Which Account to Open First
If you can only open one account right now, start with chequing.
Chequing accounts come with a debit card. That card is how you access your money anywhere. A savings account usually does not come with a card, which is actually helpful for saving, but it also means you need another account as your base.
Once your chequing account is open, add a savings account as soon as you can. Even if you only put $10 in it to start.
The habit of separating "money I spend" from "money I keep" is one of the most useful things you can build right now. Two accounts makes that habit automatic.
A Word About Interest
High-interest savings accounts in Canada are currently offering somewhere around 3 to 4 percent annually (rates shift, so check when you're opening). On $500 saved, 4 percent interest is $20 a year.

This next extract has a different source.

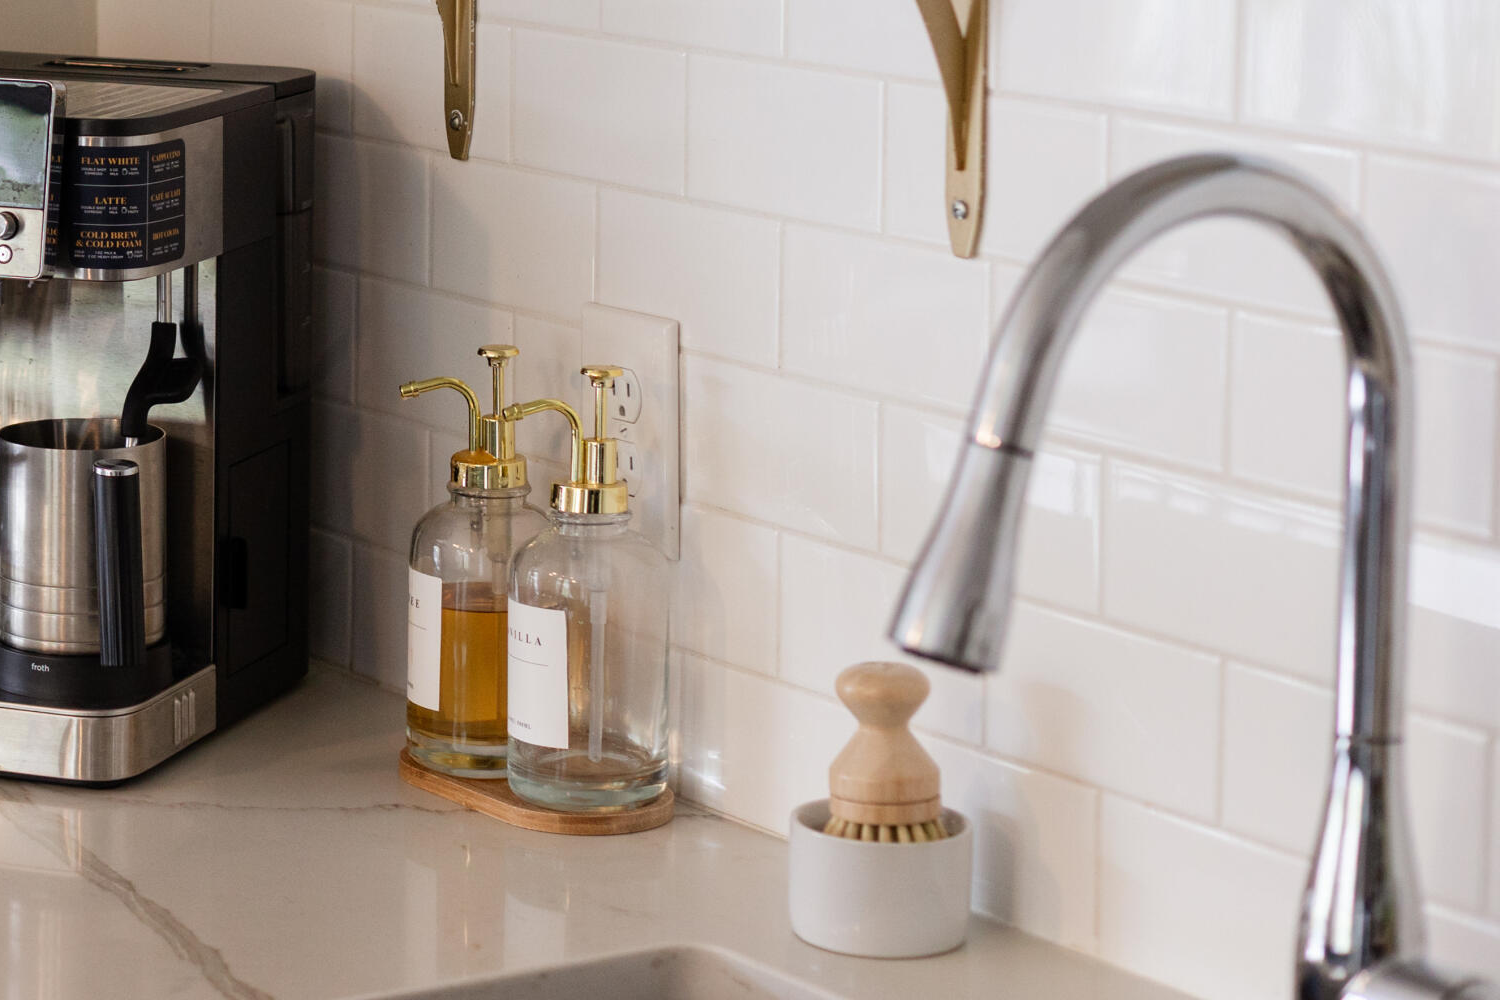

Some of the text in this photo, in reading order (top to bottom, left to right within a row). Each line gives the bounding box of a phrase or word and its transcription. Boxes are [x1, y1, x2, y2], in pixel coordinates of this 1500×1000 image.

That is not life-changing money.
But the point is not the $20. The point is watching a number move upward because of something you did weeks ago. That feeling rewires how you think about saving. You stop seeing your savings account as a frozen number and start seeing it as something that has momentum. That shift matters more than the math.
What About a TFSA?
You will hear this term more and more as you get older. A TFSA (Tax-Free Savings Account) is one of the best savings tools in Canada. Money you put in grows without being taxed. In 2026, you can contribute up to $7,000 per year once you are 18.
You cannot open one until you turn 18. But contribution room starts building the year you turn 18, even if you do not open one right away.
We go deeper on TFSAs in another article in this section. For now, just know that opening your first chequing and savings account is the foundation. Everything else builds on what you set up today.
Keep Your Account Safe
A few habits worth building right from the start.
Never share your PIN with anyone. Not your best friend. Not someone you are dating. Your PIN is private.
Check your balance once a week. You do not need to obsess over it. But knowing roughly what is in your account is completely different from checking every five minutes out of anxiety. Awareness, not compulsion.
Watch for unexpected charges. Banks occasionally charge fees on "free" accounts if you overdraft (meaning you spend more than you have) or make too many transactions in a month. Read the terms when you open, and if something looks wrong on your statement, call the bank and ask.
Banks are actually pretty easy to talk to about fees. Most of the time, if a charge was applied in error, they will reverse it.
Your Next Step
Before the end of this week, go to your bank's website and find their student account page. Read what you need to bring. If you need a parent with you, pick a day to go together.
That is it. One account. Thirty minutes. You will not regret starting early.